╭─ PROVIDED DATA

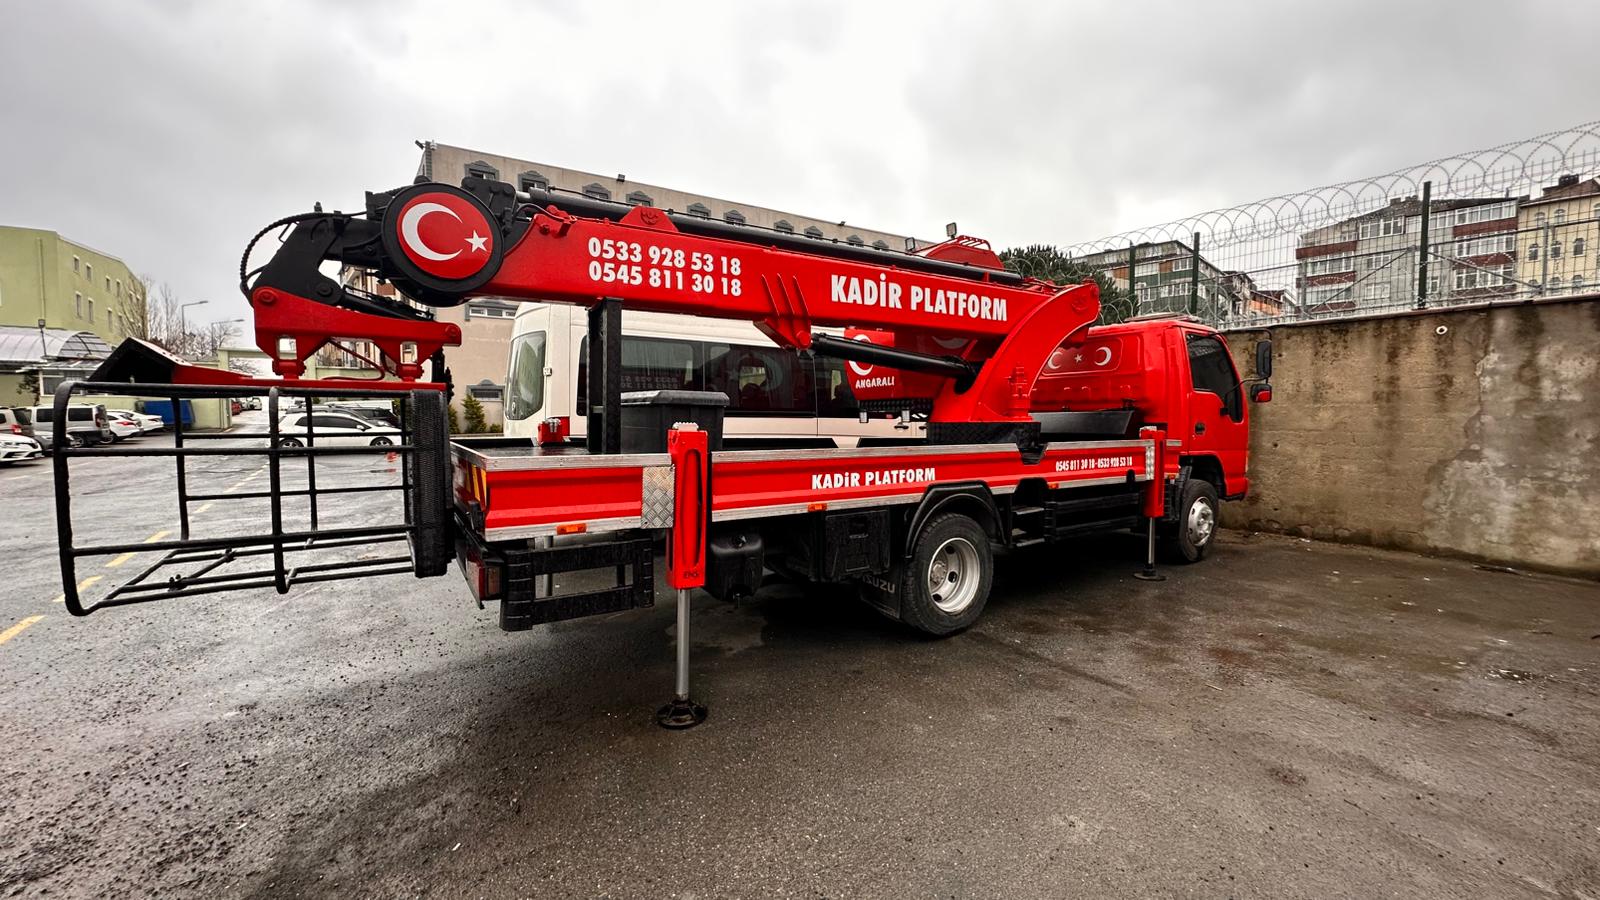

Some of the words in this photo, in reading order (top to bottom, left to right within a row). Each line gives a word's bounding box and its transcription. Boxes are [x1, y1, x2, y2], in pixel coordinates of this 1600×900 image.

[588, 237, 642, 262] 0533
[648, 246, 686, 269] 928
[691, 252, 714, 273] 53
[720, 257, 742, 276] 18
[588, 261, 643, 285] 0545
[648, 268, 683, 290] 811
[691, 274, 714, 294] 30
[720, 278, 742, 297] 18
[831, 272, 902, 309] KADİR
[910, 285, 1007, 322] PLATFORM
[855, 376, 895, 389] ANGARALI
[865, 468, 936, 487] PLATFORM
[1056, 460, 1069, 472] 0545
[1070, 460, 1080, 471] 811
[1081, 459, 1088, 470] 30
[1120, 456, 1126, 467] 53
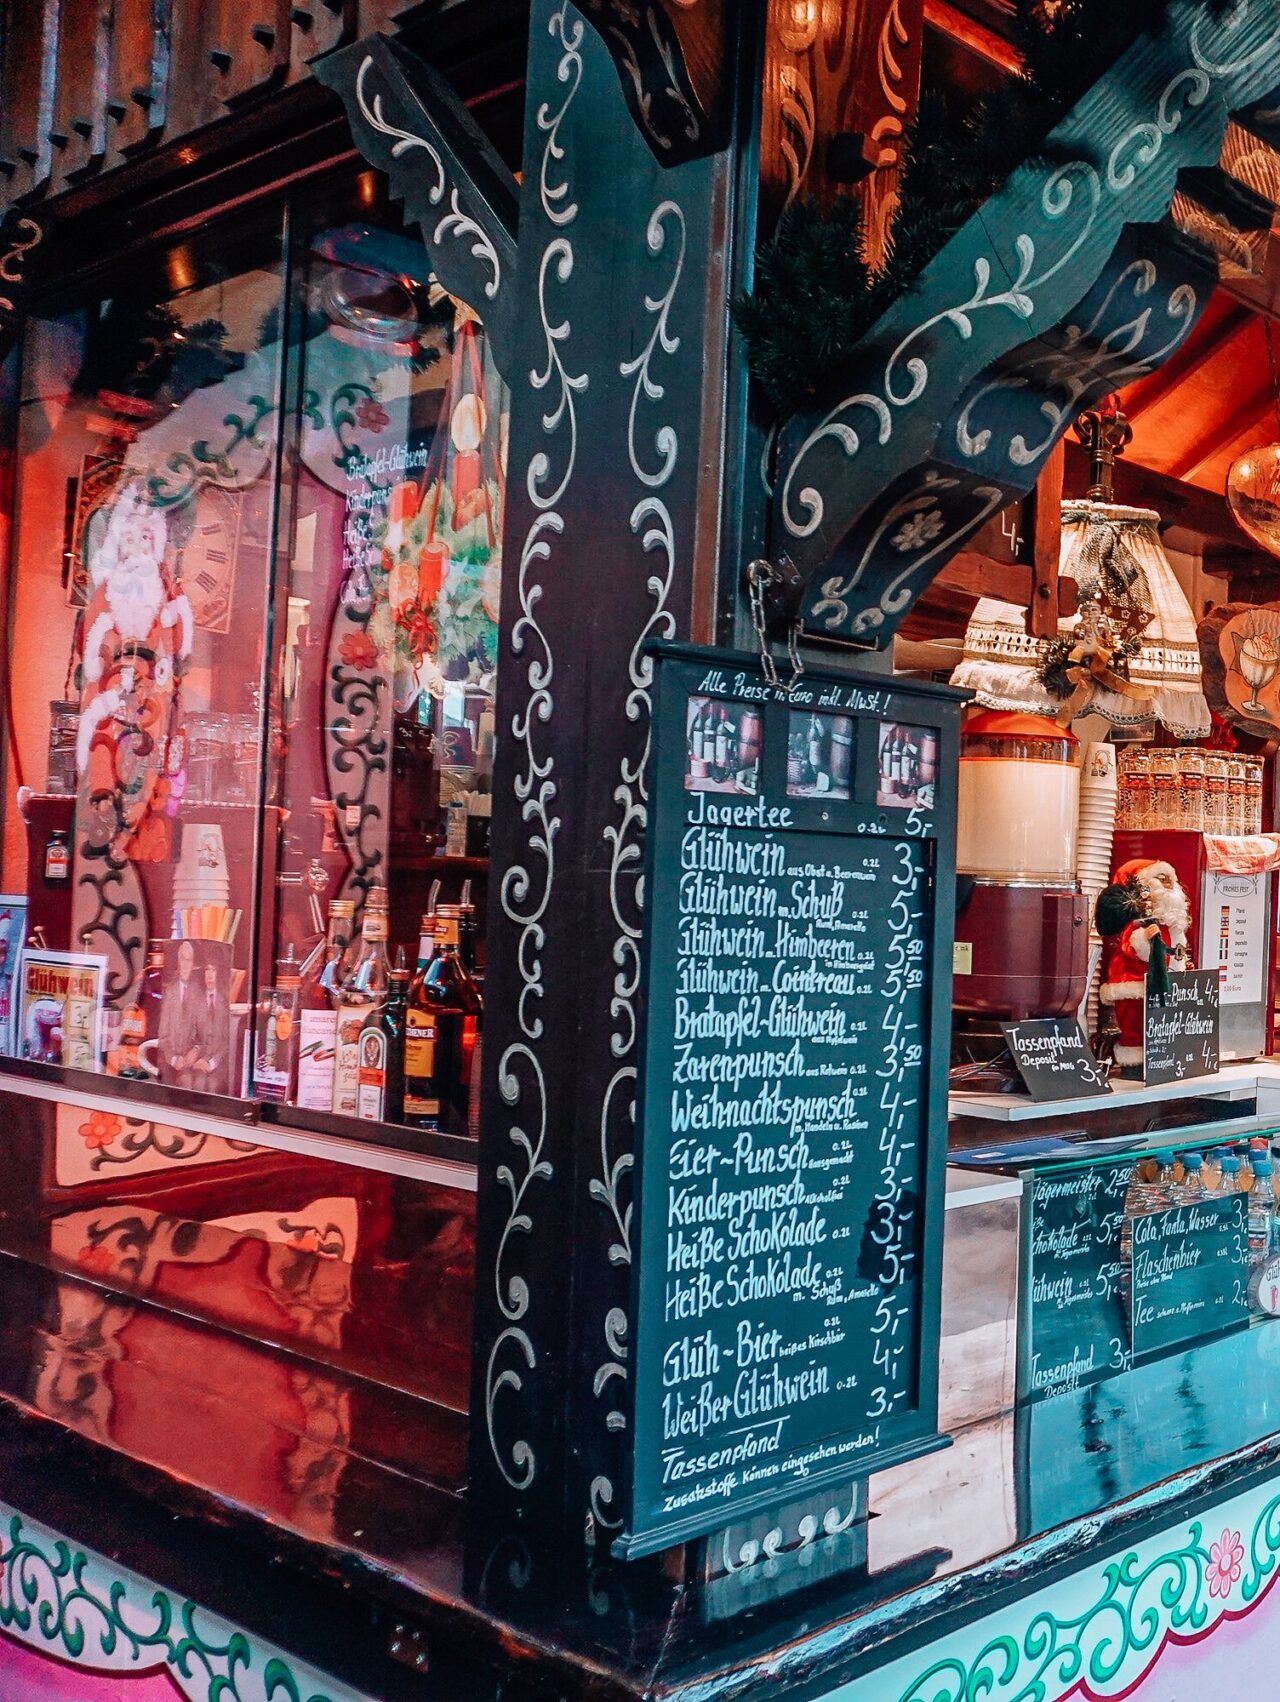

╰─

EXERCISE DIRECTIONS – Aside from its pictures, the listing must be given again in full, exactly as it appears.

PROBLEM SOLUTION –
Some of the words in this photo, in reading order (top to bottom, left to right within a row). Each line gives a word's bounding box and its transcription. Boxes are [x1, y1, x2, y2], in pixel coordinates of this 1600×900 image.

[588, 237, 642, 262] 0533
[648, 246, 686, 269] 928
[691, 252, 714, 273] 53
[720, 257, 742, 276] 18
[588, 261, 643, 285] 0545
[648, 268, 683, 290] 811
[691, 274, 714, 294] 30
[720, 278, 742, 297] 18
[831, 272, 902, 309] KADİR
[910, 285, 1007, 322] PLATFORM
[855, 376, 895, 389] ANGARALI
[865, 468, 936, 487] PLATFORM
[1056, 460, 1069, 472] 0545
[1070, 460, 1080, 471] 811
[1081, 459, 1088, 470] 30
[1120, 456, 1126, 467] 53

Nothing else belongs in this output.